The cases submitted to Tribunal are heard by a division composed of three members (a judge and two assessors). Preliminary or incidental applications are heard only by a judge, save for certain exceptions. The Quebec Charter specifies the different roles and powers attributed to the members of the Tribunal, be they judge or assessor.

=== Role of Judges ===
Although the cases submitted to Tribunal are heard by a division consisting of three members, it is the judge who presides the hearing. Section 104 of the Quebec Charter stipulates that only the judges that have decision-making powers: they alone decide on the application, render decisions on issues raised during the course of the proceedings and sign the judgment.

==== President ====
Section 101 of the Quebec Charter stipulates that the President of the Tribunal is appointed by the Government, after consultation with the chief judge of the Court of Quebec, for a renewable five term. The President is the only full-time judge of the Tribunal.

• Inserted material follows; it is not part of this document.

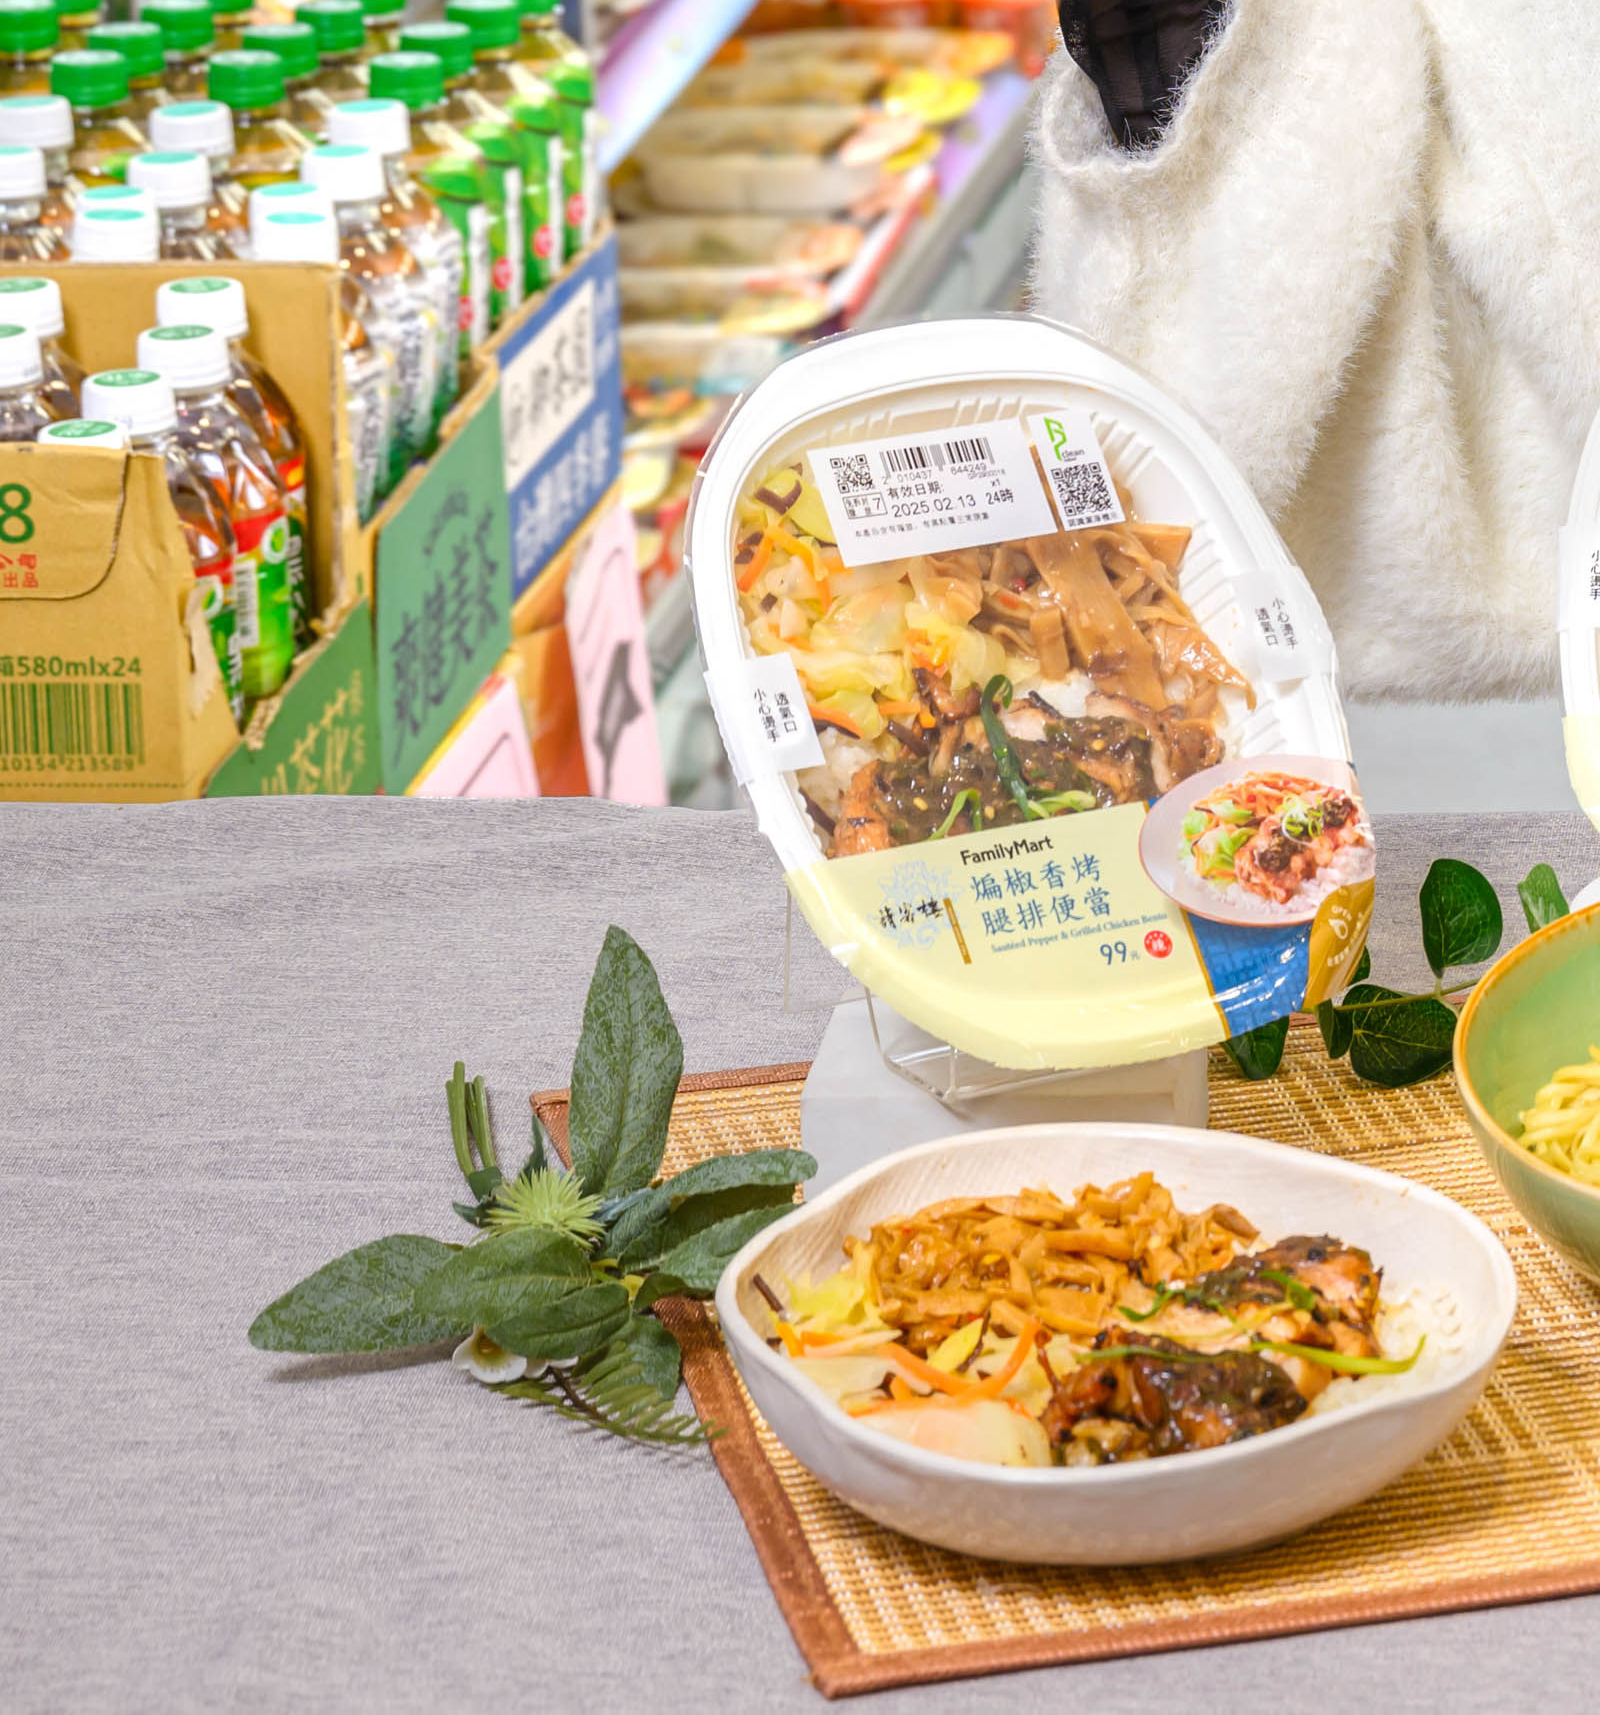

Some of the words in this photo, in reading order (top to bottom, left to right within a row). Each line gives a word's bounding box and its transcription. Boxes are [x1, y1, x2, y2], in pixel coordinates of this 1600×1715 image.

Sections 106 and 110 of the Quebec Charter define some of the President's duties and responsibilities. The President must:
- Foster a consensus among the members concerning the general orientations of the Tribunal;
- Coordinate the work of the Tribunal and distribute it among the members;
- Prescribe a Code of ethics and ensure that it is observed;
- Adopt, with the assistance of the majority of the members, a regulation of procedure applicable to the Tribunal.

==== Designated Judges ====
Unlike the President, the length of the mandates of the judges named to the Tribunal is not prescribed by the Quebec Charter. The designated judges are appointed, on the request of the President and after consultation with the chief justice of the Court of Quebec, for a determined period that can be renewed.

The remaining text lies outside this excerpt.